Financing Partnerships

Financing partnerships enable ADB’s financing partners, governments or their agencies, multilateral financing institutions, and commercial organizations to participate in financing ADB projects. The additional funds are provided in the form of loans and grants, technical assistance, and other nonsovereign cofinancing such as B loans, risk transfer arrangements, parallel loans and equity, guarantee cofinancing, and cofinancing for transactions under ADB’s Trade and Supply Chain Finance Program and Microfinance Program.

ADB began cofinancing operations in Armenia in 2009. Since then, sovereign cofinancing commitments for Armenia have amounted to $323.5 million for three investment projects and $4.31 million for six technical assistance projects. Non-sovereign cofinancing for Armenia has amounted to $ 399.72 million for six investment projects.

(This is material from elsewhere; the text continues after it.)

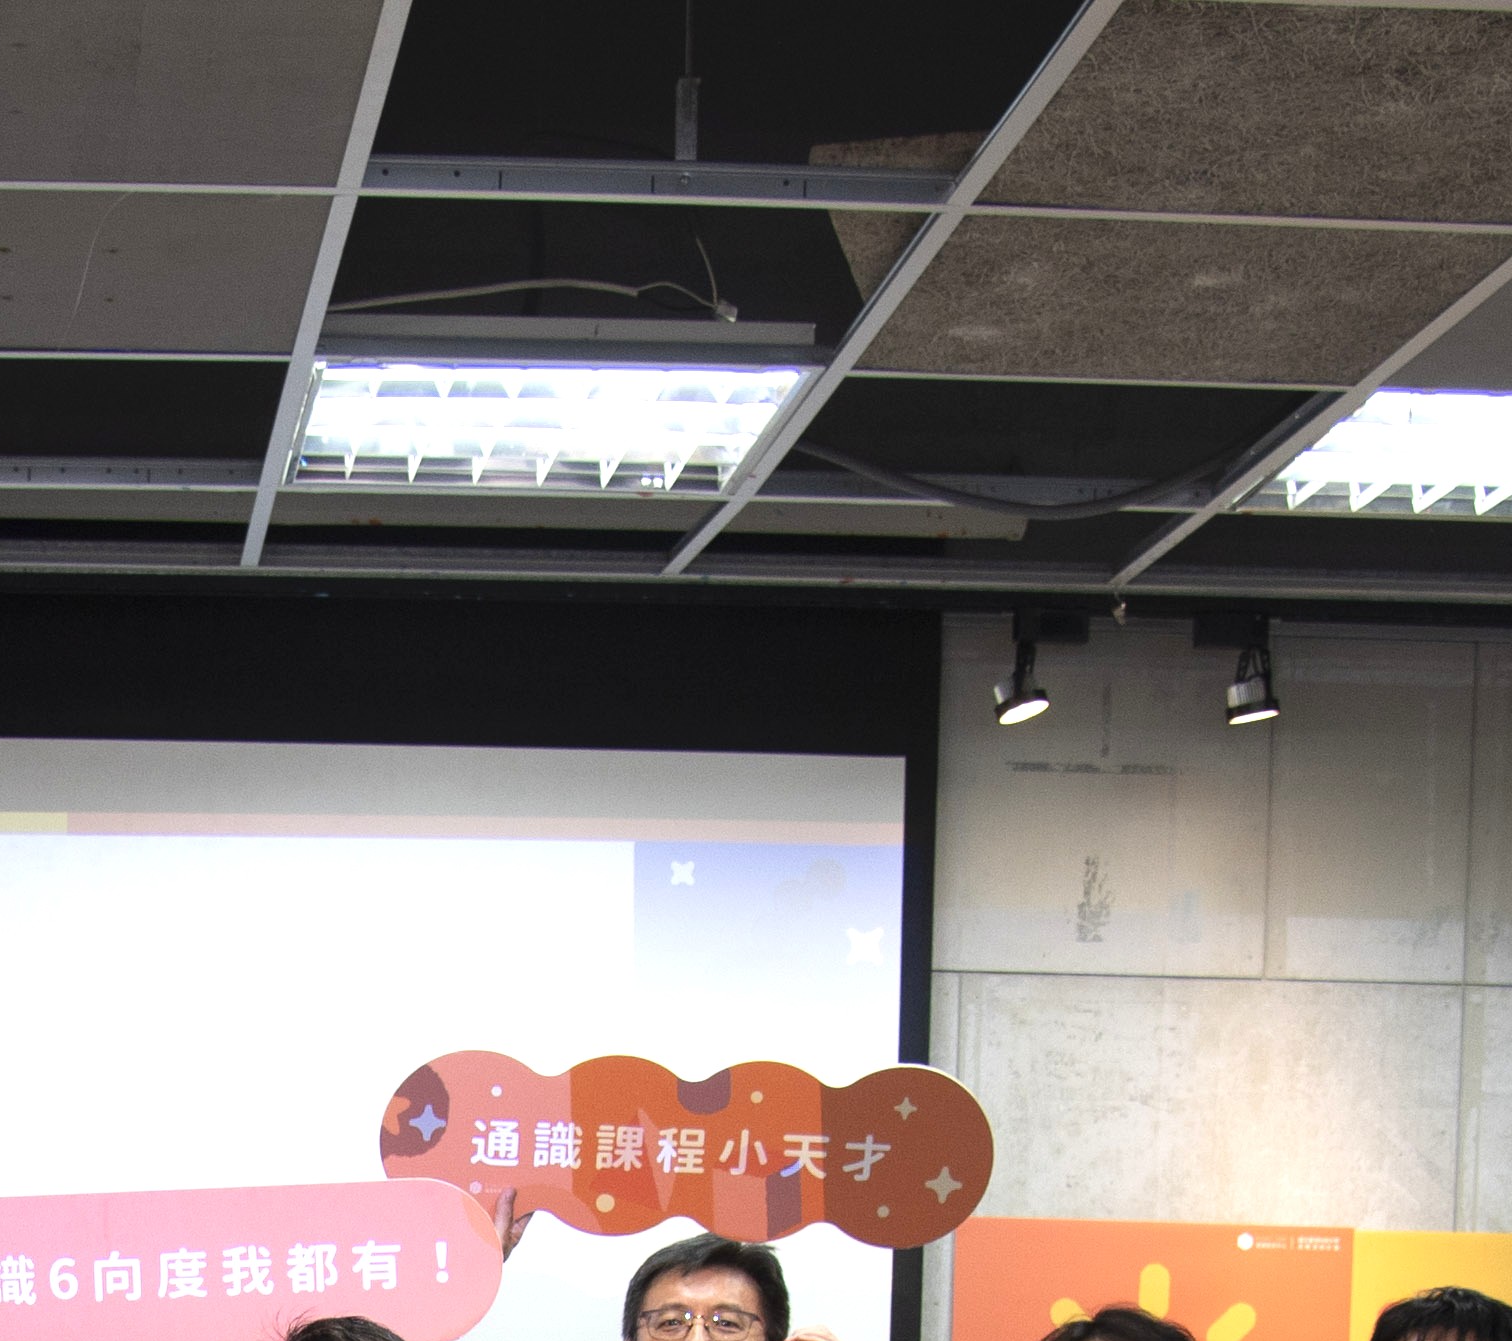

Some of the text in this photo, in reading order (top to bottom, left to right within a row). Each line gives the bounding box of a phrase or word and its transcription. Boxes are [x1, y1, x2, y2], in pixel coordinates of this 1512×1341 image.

[470, 1119, 891, 1182] 通識課程小天才

A summary of cofinanced projects is available at Armenia: Cofinancing.

Operational Challenges

The COVID-19 pandemic and the martial law implemented due to 6 weeks of military confrontation in September–November 2020 have resulted in a high undisbursed balance of capital expenditures and generated project implementation challenges in Armenia. In addition, the government’s borrowing capacity is constrained by a high level of public debt and high volumes of committed and undisbursed loan projects. For this reason, ADB envisages a flexible and adaptive approach to financing government needs. Where appropriate, sovereign lending will be structured to promote private sector participation, nonsovereign financing, public–private partnerships, and other innovative solutions.

Future Directions

In September 2020, ADB approved the country operations business plan, 2021–2023 for Armenia. The plan is consistent with the country partnership strategy, 2019–2023 and reflects the government’s preference for investment projects over the medium term.

Indicative resources for sovereign operations during 2021–2023 total $197.4 million. However, given the country’s debt situation, the total firm lending pipeline over the period is $160 million for selected priority projects. Further support to address the socioeconomic consequences of the COVID-19 pandemic may also be considered.

ADB investments will underpin higher economic growth, build on momentum for nonsovereign operations, and scale up technical assistance for knowledge work. The bank will continue to maximize synergies between sovereign and nonsovereign operations, with sovereign support leveraging private sector expertise and investments to enhance the effectiveness of public investments, strengthen services, and promote sustainability.